By now you are probably wondering why any of this would merit being written about in a blog, so here it is… ​​
What is it about loss and why does it matter? 

This past year, by chance, Family Day landed on August 11th. That fact launched me into a few bouts of sadness and tears, a place I have been many times over the years. During those times I thought a lot about what it is that makes the death of a person different from other challenging losses in one’s life. I would like to share some of those thoughts with you today.

Loss as it pertains to death is defined as “the state or feeling of grief when deprived of someone of value”.  The loss of a special person in our life is truly profound.  It is difficult to fathom or understand. Often even difficult to believe.   

Profound losses evoke deep-seated feelings we are not regularly in touch with. Those feelings can take our breath away with their suddenness.  They can rob us of joy for lengthy periods of time.  They can blindside us when we least expect it.  They can remind us of our own mortality.  They clarify for us what we had and in turn what we have lost.

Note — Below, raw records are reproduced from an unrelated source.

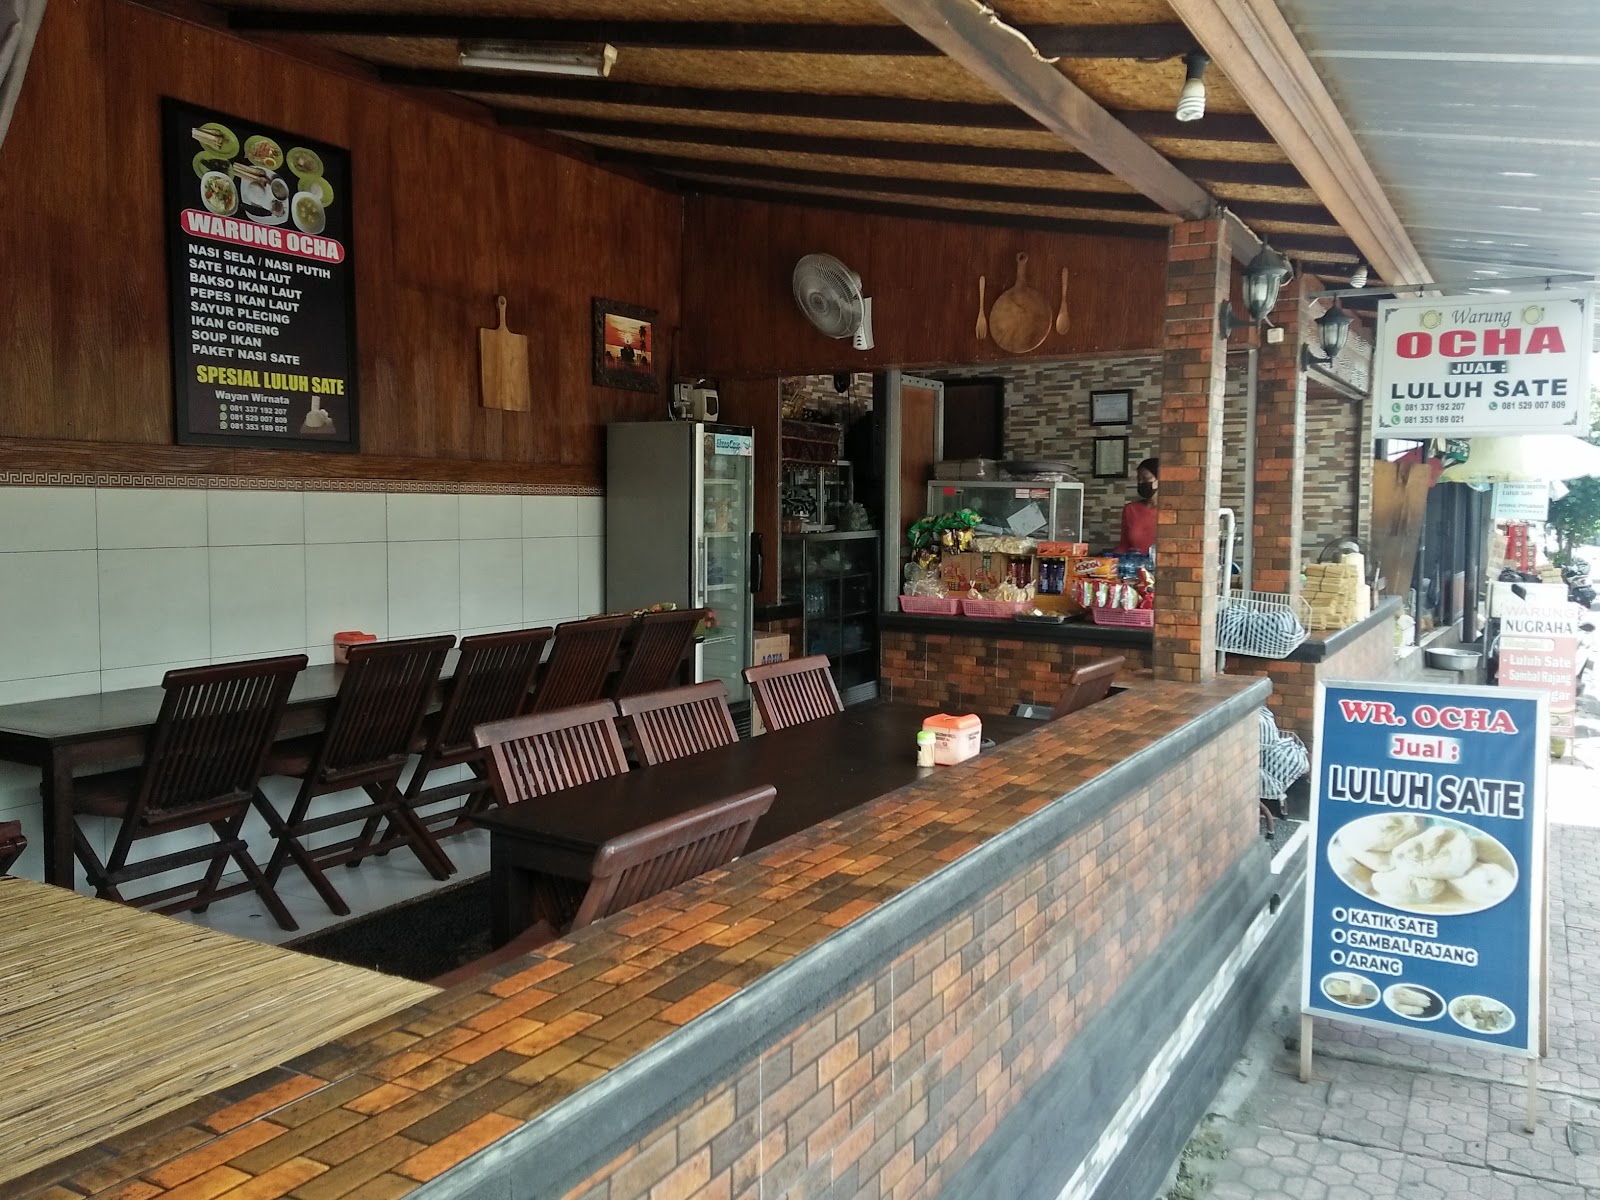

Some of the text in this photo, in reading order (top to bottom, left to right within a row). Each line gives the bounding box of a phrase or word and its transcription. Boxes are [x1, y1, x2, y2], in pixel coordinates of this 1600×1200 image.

[187, 211, 340, 260] WARUNG OCHA
[188, 243, 219, 259] NASI
[223, 250, 255, 265] SELA
[265, 258, 293, 272] NASI
[296, 264, 331, 279] PUTIH
[189, 258, 291, 285] SATE IKAN LAUT
[189, 272, 302, 300] BAKSO IKAN LAUT
[190, 286, 299, 313] PEPES IKAN LAUT
[190, 301, 290, 325] SAYUR PLECING
[1451, 307, 1512, 327] Warung
[191, 315, 279, 336] IKAN GORENG
[191, 329, 262, 348] SOUP IKAN
[1396, 326, 1566, 359] OCHA
[192, 343, 300, 365] PAKET NASI SATE
[1452, 362, 1496, 374] JUAL
[196, 364, 344, 395] SPESIAL LULUH SATE
[1391, 378, 1568, 399] LULUH SATE
[215, 390, 290, 405] Wayan Wirnata
[1405, 402, 1465, 411] 081 337 192 207
[1535, 401, 1548, 409] 007
[1551, 401, 1566, 409] 809
[229, 404, 243, 412] 081
[245, 405, 258, 413] 337
[260, 406, 273, 414] 192
[1404, 416, 1417, 424] 081
[1436, 415, 1449, 423] 189
[1451, 415, 1464, 423] 021
[230, 422, 243, 430] 081
[245, 423, 259, 431] 353
[260, 424, 273, 432] 189
[1505, 606, 1576, 618] WARUNG
[1506, 620, 1573, 634] NUGRAHA
[1510, 654, 1571, 668] Luluh Sate
[1509, 669, 1571, 686] Sambal Rajang
[1339, 700, 1518, 735] WR. OCHA
[1392, 737, 1443, 759] Jual
[1330, 766, 1524, 819] LULUH SATE
[1351, 911, 1435, 935] KATIK SATE
[1350, 932, 1475, 964] SAMBAL RAJANG
[1349, 954, 1400, 973] ARANG

At the moment my brother let go of his last breath, my immediate thought was that Mom and Dad were gone and I was supposed to take care of him. He was the baby in the family.  I was the oldest.  It was an absurd thought. I could not stop cancer. But when you care deeply for someone, the grief you experience drills down to the very core of the relationship you had.  

Loss is about relationship. It is about what you thought about one another, felt towards one another and how you treated one another.  Loss is about the hole that exists when that person is no longer there to call for whatever it was you called them for. It is about the shift in roles within your family or your friendship circle when they are gone, along with the angst of figuring out who you are as a family or as a circle of friends the day after you say good-bye.  It is about mourning the things you will miss and the things they will miss, like Kirk’s youngest daughter’s first child, or the graduation of his oldest daughter from engineering.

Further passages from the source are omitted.